→ **Available records**

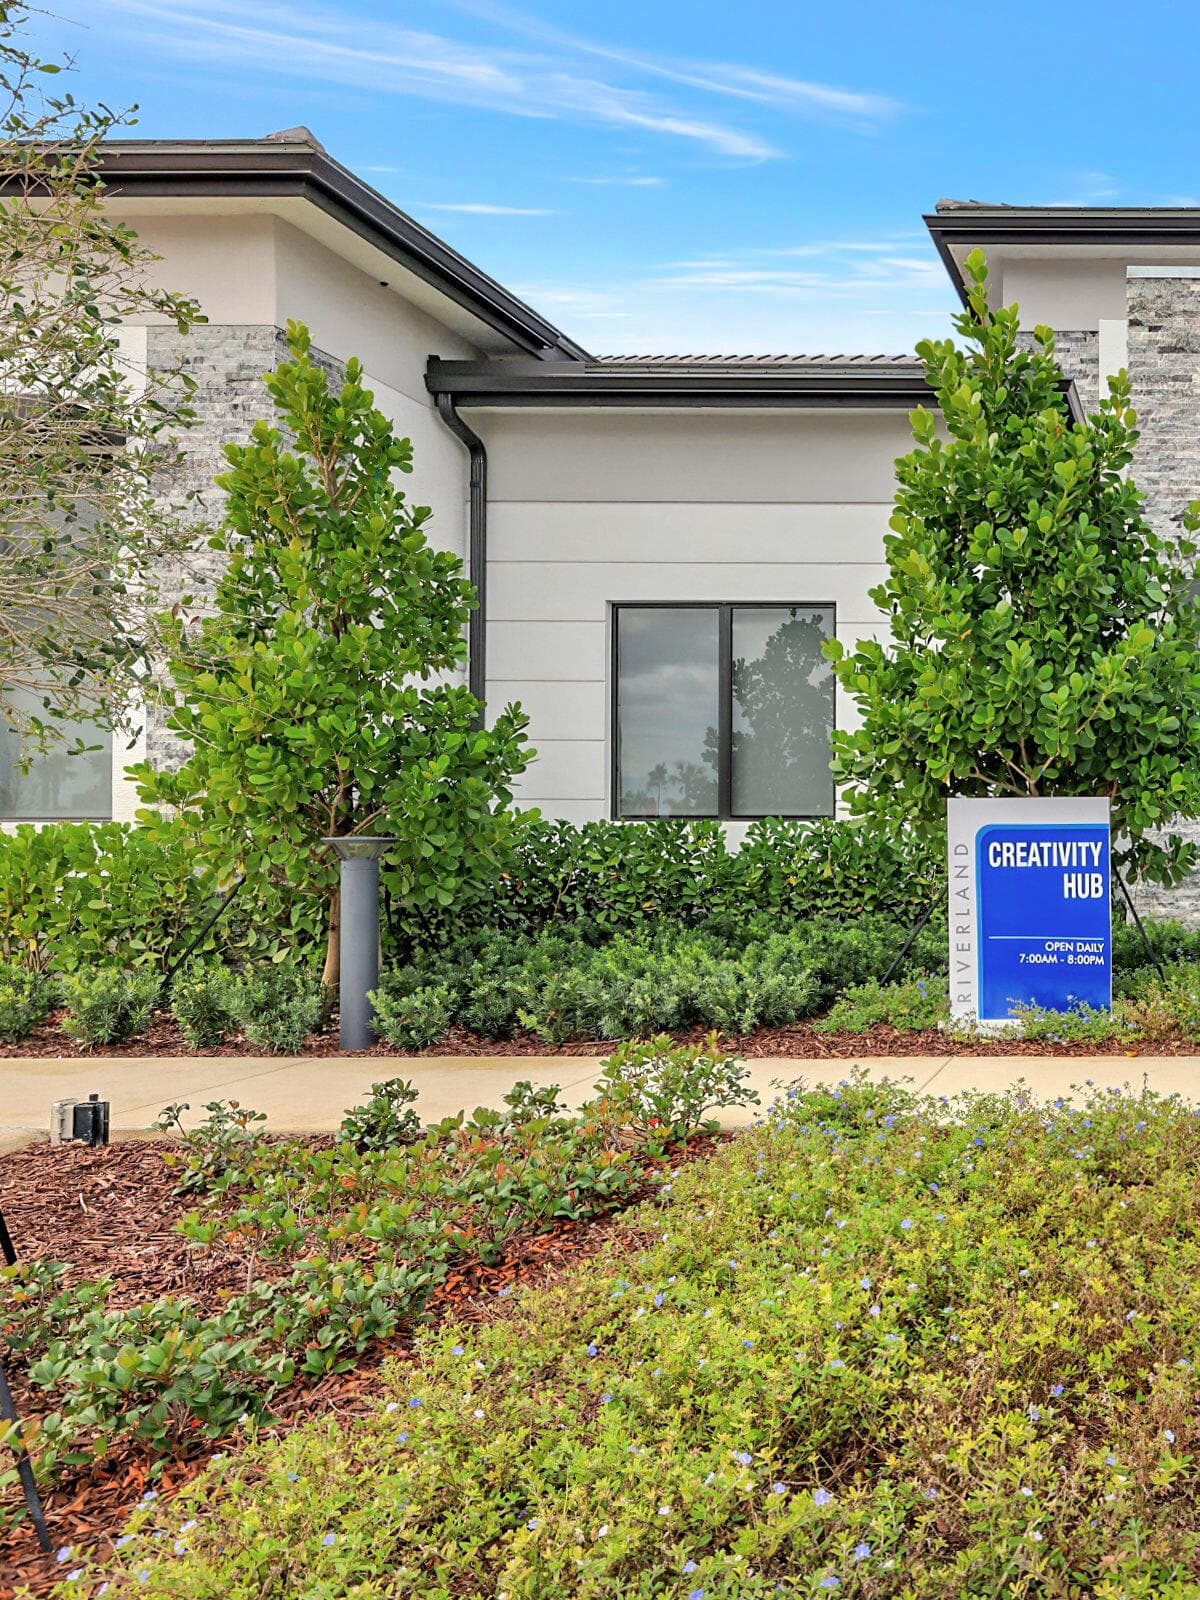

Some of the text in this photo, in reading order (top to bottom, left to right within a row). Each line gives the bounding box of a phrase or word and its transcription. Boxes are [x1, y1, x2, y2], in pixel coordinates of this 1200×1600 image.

[988, 841, 1103, 868] CREATIVITY
[1063, 873, 1104, 899] HUB
[954, 843, 972, 1003] RIVERLAND
[1019, 953, 1058, 964] 7:00AM
[1067, 954, 1105, 965] 8:00PM
[1044, 942, 1105, 953] OPEN DAILY

→ **What is being asked**
Pictures are to be dropped, and every record is to be copied exactly.

→ **Answer area**
Some of the text in this photo, in reading order (top to bottom, left to right within a row). Each line gives the bounding box of a phrase or word and its transcription. Boxes are [x1, y1, x2, y2], in pixel coordinates of this 1200×1600 image.

[988, 841, 1103, 868] CREATIVITY
[1063, 873, 1104, 899] HUB
[954, 843, 972, 1003] RIVERLAND
[1019, 953, 1058, 964] 7:00AM
[1067, 954, 1105, 965] 8:00PM
[1044, 942, 1105, 953] OPEN DAILY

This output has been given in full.